I lavori si conclusero nel 2000 ricreando un tratto della antica strada acciottolata che risaliva la rampa di San Damiano e inserendovi al centro, in una cassetta ben sigillata, una pergamena con il nome di tutti i componenti del Comitato, alcune monete e il libro, interamente dedicato alla chiesetta, appena uscito dalla tipografia.
L’edificio, a parte alcuni frammenti di un affresco quattrocentesco e vari reperti archeologici, per ovvi motivi non contiene opere d’arte.
Il poco che era stato salvato si trova ora nel Museo civico: la tela di “Sant’Uberto”, la tela “L’adorazione dei pastori”, sei ex-voto -di inizio Seicento- su tavolette di legno, la tela “Nascita della Vergine”, i pregevoli BUSTI IN LEGNO ARGENTATO di Cosma e Damiano risalenti alla seconda metà del Cinquecento. Le stazioni della”Via crucis” sono state collocate nella chiesa di Sant’Ignazio.
Nella chiesetta campestre vengono uffiziate una decina di messe all’anno, soprattutto in occasione di processioni, dell’8 settembre ricorrenza della nascita di Maria (e anche della festa delle vigne) e del 26 settembre ricorrenza di Cosma e Damiano.

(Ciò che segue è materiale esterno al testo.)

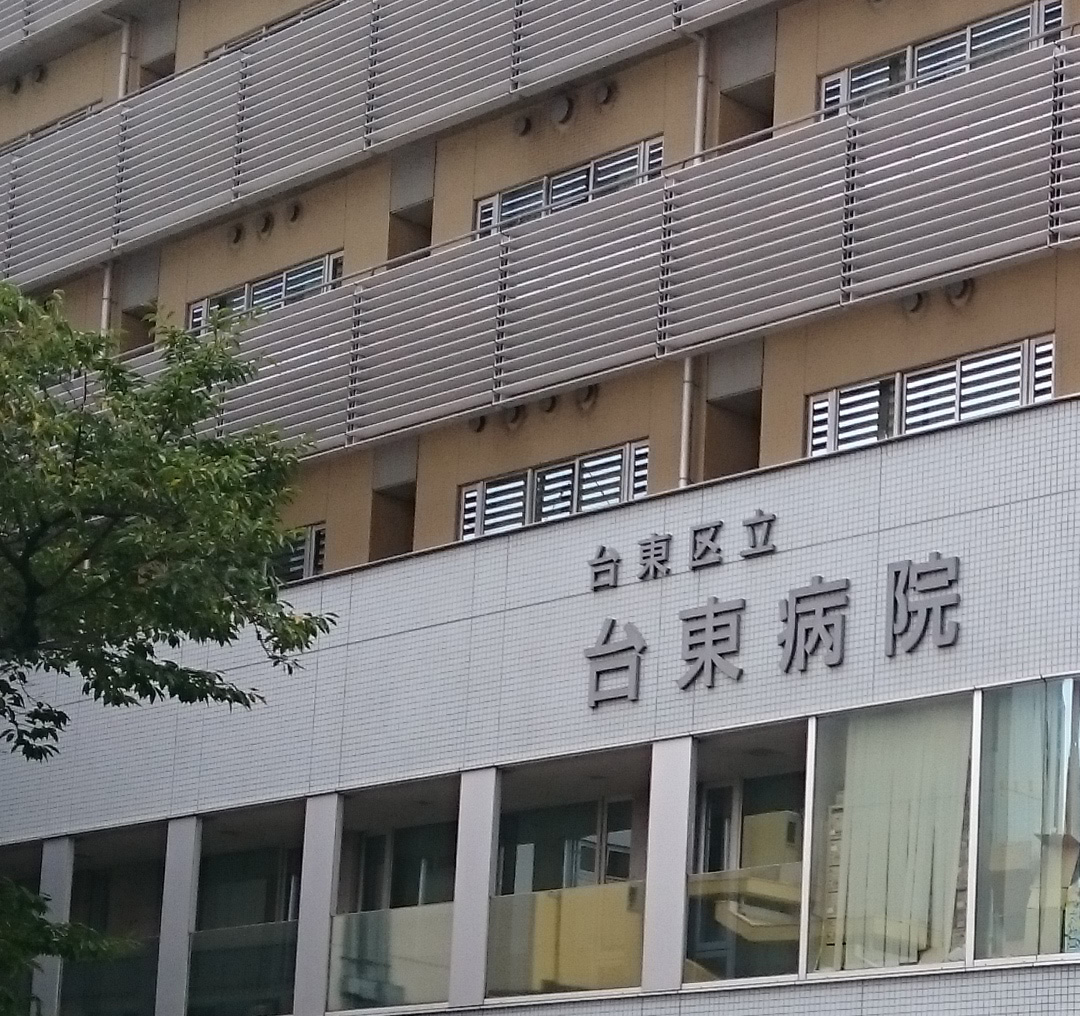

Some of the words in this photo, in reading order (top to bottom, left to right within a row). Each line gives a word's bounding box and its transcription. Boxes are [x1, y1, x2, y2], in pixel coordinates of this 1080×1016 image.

La chiesa della Croce.  Si trova in corrispondenza della porta Zibide, all’incrocio fra la via Tortona e il viale IV novembre. La chiesetta dedicata alla Beata Vergine Addolorata, ma comunemente detta “della Croce”, venne edificata fra il 1837 e il 1844. Si sa con certezza quale sia l’origine della chiesa, basti leggere una delle varie suppliche inviate da Castelnuovo alla Curia di Tortona: “all’epoca in cui il torrente Scrivia, volgendo le acque contro il paese, ne portò via un quarto (a metà del XVIII secolo) esisteva sul muro dell’antica porta di Zibide una immagine della Addolorata, di San Desiderio e di Sant’Antonio abate e nel tempo di una forte alluvione, arrivate le acque al piede di esso muro, là si arrestarono. Un tale avvenimento dai fedeli venne reputato per un miracolo della Beata Vergine e suoi Santi che, facendo argine all’impeto e voracità delle acque, vollero preservare il restante paese ponendosi al medesmo come d’antemurale. Riconoscenti i fedeli abitanti di questo Borgo a sì segnalato benefizio, a certi determinati giorni si riunivano innanzi alle Sacre Immagini per cantare inni di lode e di preghiera”. Insomma l’affresco sacro protegge il paese dalle alluvioni meglio del Magispo e pertanto va conservato all’interno di una chiesetta.
Purtroppo la memoria e la riconoscenza non sono eterne e nel 1986 la chiesa era ormai a un soffio dalla fine, con il tetto in gran parte sfondato. Un Comitato raccolse i primi fondi ed ecco che nel 1990 la chiesa venne restituita al culto. Ora i lavori sono pressoché terminati, ma le migliorie non mancano. Ad esempio, nel giugno 2003 il pittore Giovanni Bonardi ha rifatto la decorazione dell’architrave e ridipinto sul timpano della facciata l’immagine dell’Addolorata sulla base delle testimonianze degli anziani e delle indicazioni della Soprintendenza.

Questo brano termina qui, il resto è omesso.